One of the greatest weaknesses in most of us is our lack of faith in ourselves.
L. Tom Perry.
I was looking at quotes to find some motivation for the healthy eating. This certainly strikes a nerve. Most of the time when I start on a healthy eating plan, I am already thinking ahead to the time when I am gonna blow it. Will it be eating chocolate or just too much eating? Will I mess up today or will I make it till tomorrow? Am I gonna avoid my friends cause I am embarrassed that I couldn't do it AGAIN, or will I just not say anything so no one will know I failed? I need to find some faith. I need to know that I can do this!! I need to believe in myself.


This is a picture my son took yesterday while I was scrapbooking my Disney album. (you can check out my webshots link at the side to see it.) He didn't believe me when I told him that my cat Daisy will always sit on the desk when I am doing my scrapbooking. I usually have a soft towel for her to lay on, but yesterday she picked the felt christmas bag. I think it is hilarious!!

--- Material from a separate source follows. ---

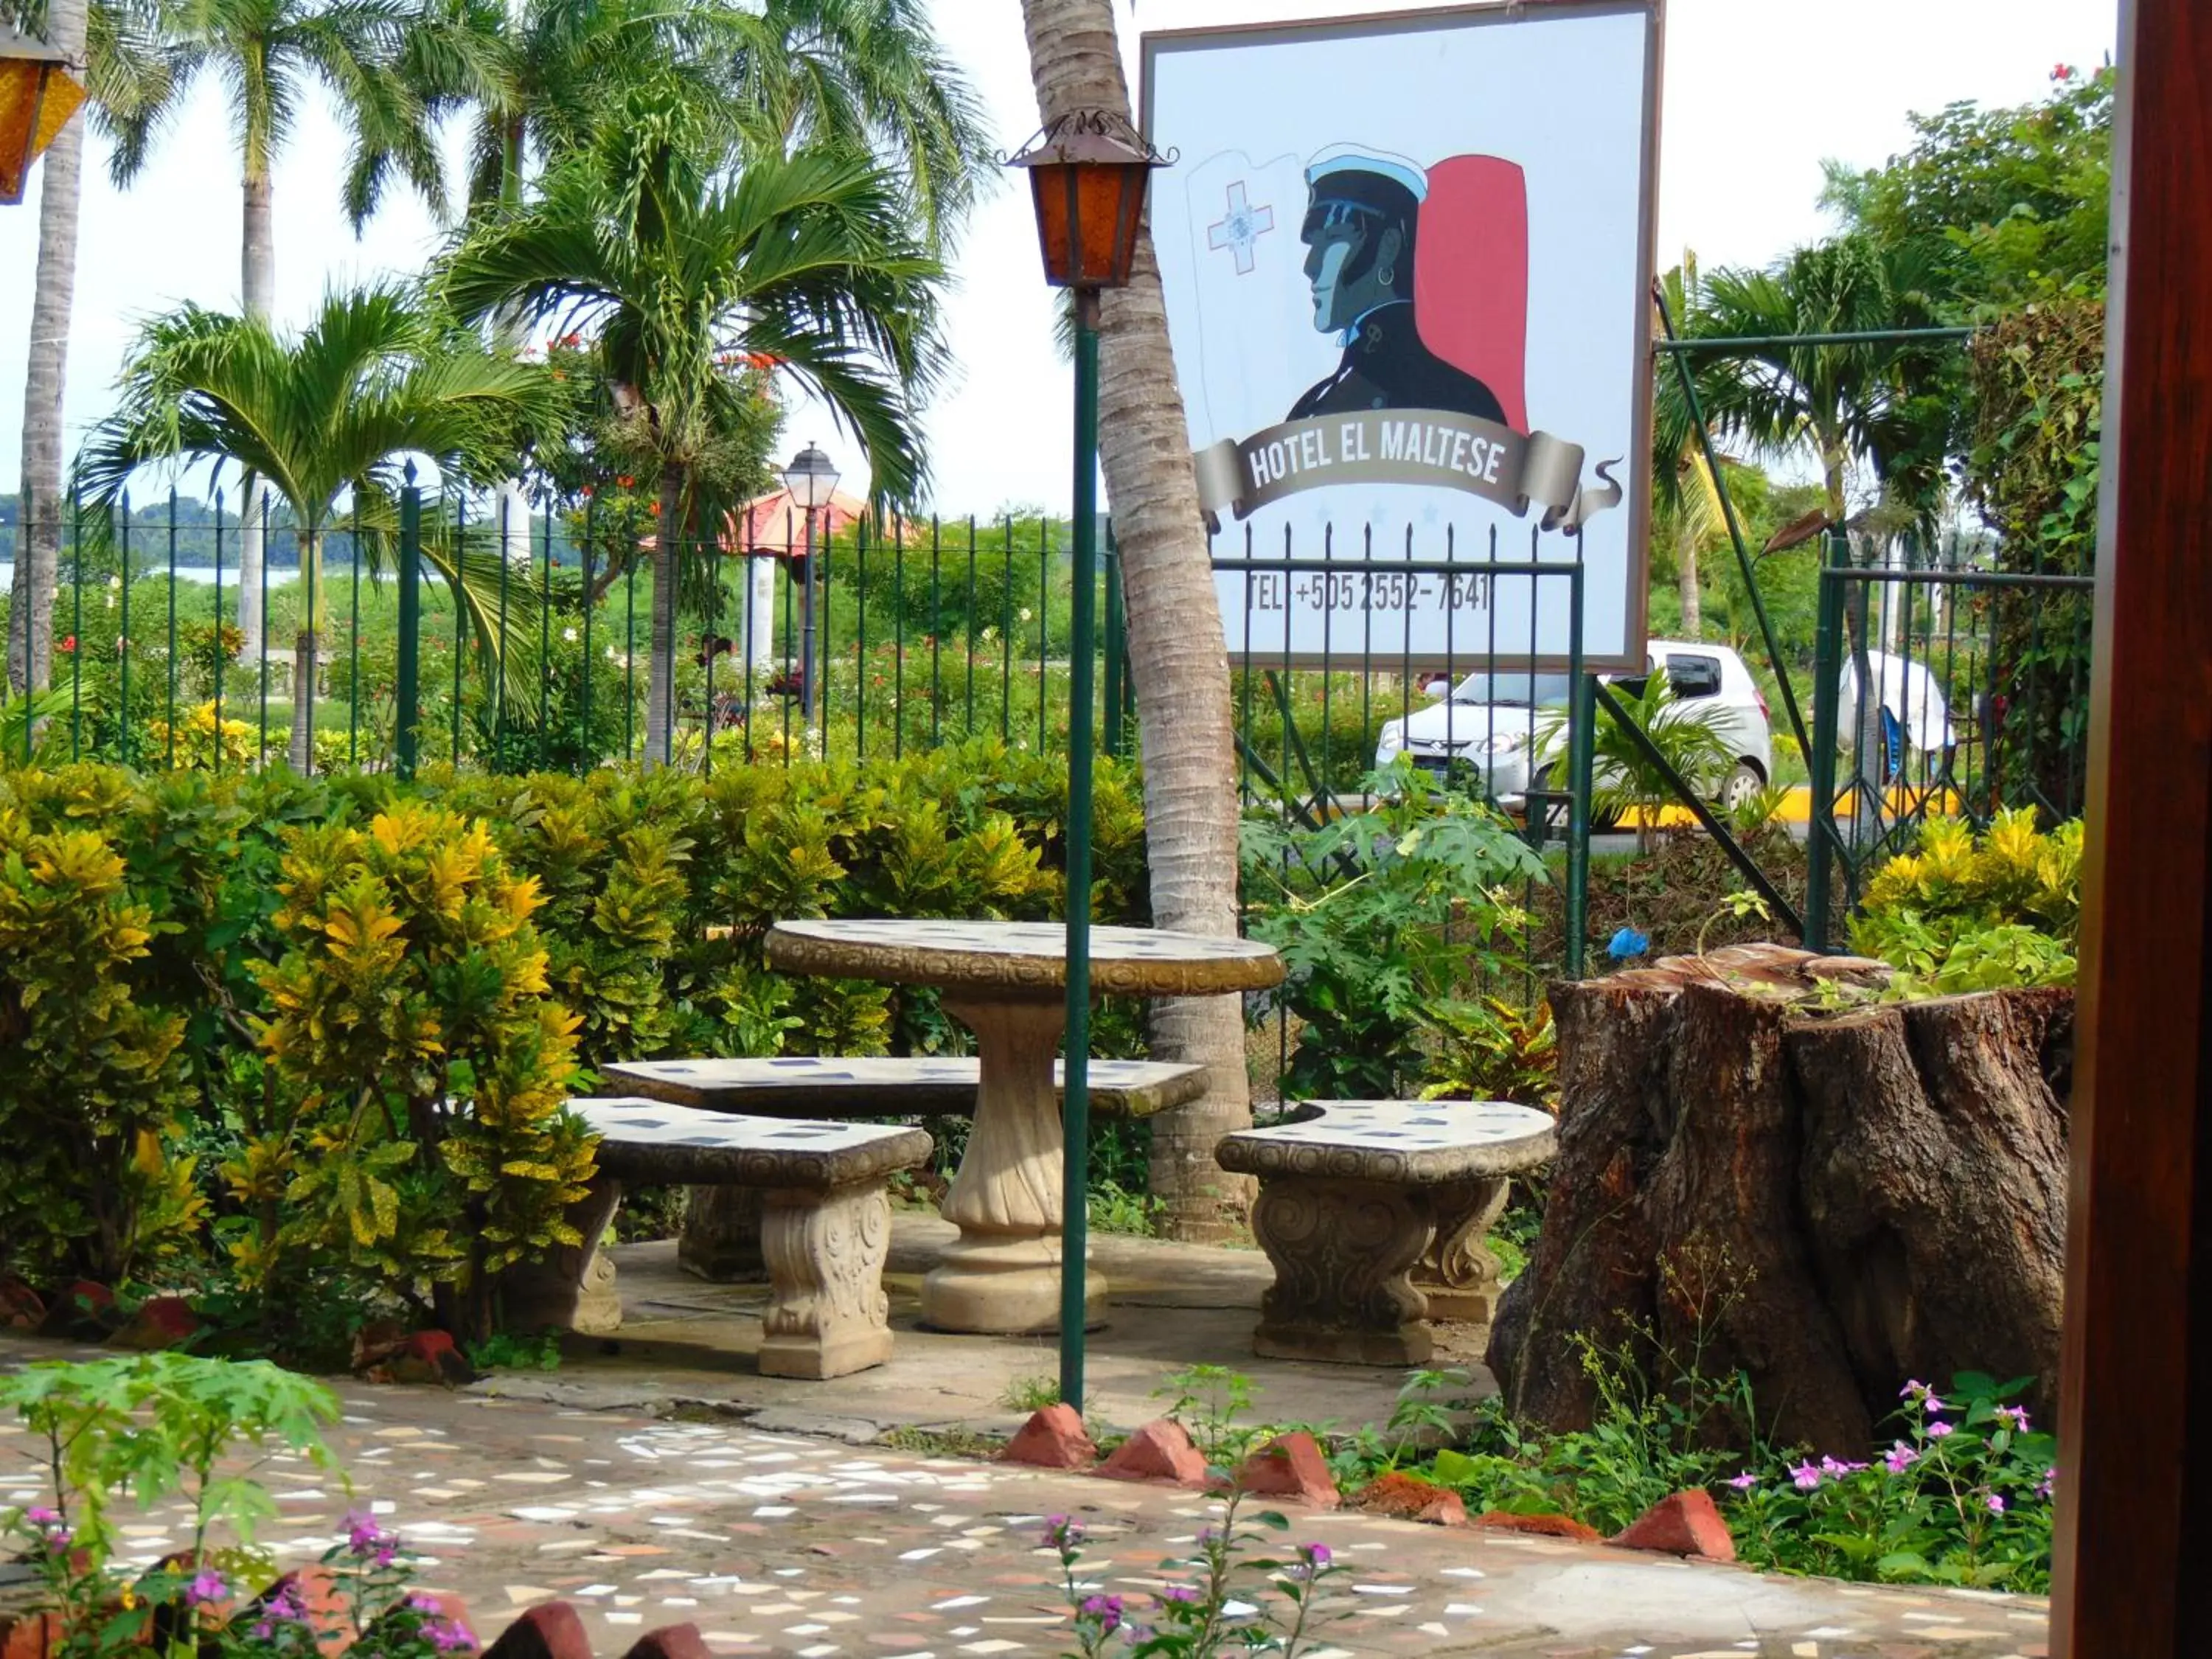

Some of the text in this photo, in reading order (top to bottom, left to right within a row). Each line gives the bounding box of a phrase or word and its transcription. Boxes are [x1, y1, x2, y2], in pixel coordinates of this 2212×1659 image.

[1249, 420, 1506, 489] HOTEL EL MALTESE
[1296, 574, 1353, 611] +505
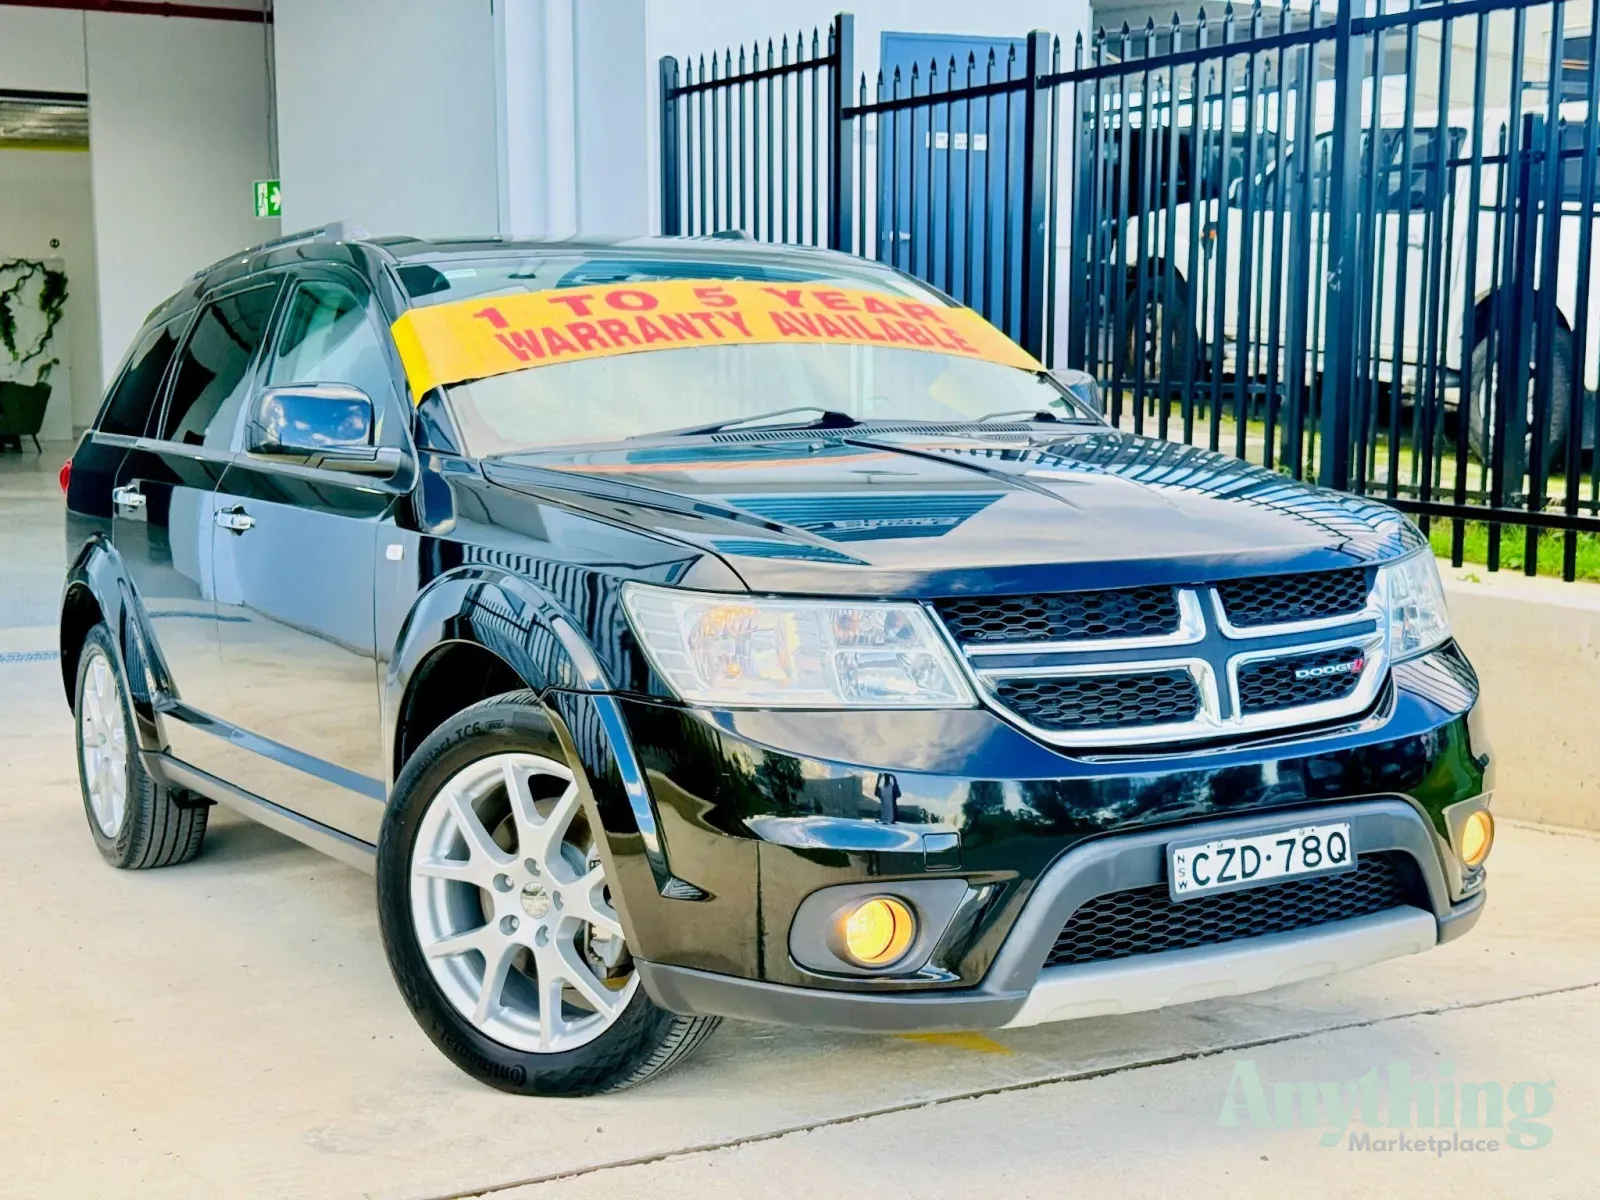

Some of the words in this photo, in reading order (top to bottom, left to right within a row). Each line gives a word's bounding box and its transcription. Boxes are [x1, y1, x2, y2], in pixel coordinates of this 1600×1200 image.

My healthy eating plan is going alright. I am not completely on track, as when I am sick, I crave comfort foods, but I haven't gone crazy. I have stuck to my one small healthy thing a day and I am proud of that. This week I was concentrating on eating breakfast, which I never do cause I'd have to get up 20 min. early, and doing at least 10 min. of exercise a day. I have done this everyday except yesterday I had no exercise. I was told that you need a rest day, so that's what I'm calling yesterday.

I think that is all for now, I have to get ready to go to the DR. Wish me luck...

Tuesday, January 01, 2008

New Year

Today is the start of a new year. I decided to have only one resolution this year. To do one thing a day that will positively impact my health. Today I had a 100 calorie snack and a glass of water for my nightly snack. No bagels, no candy, no tamales.

I also watched the new biggest loser. This one is a heart breaker!! Couples, teams of two, that include Mom and son, best friends, a divorced couple, a married couple, a dad and daughter.. and more. very heart wrenching.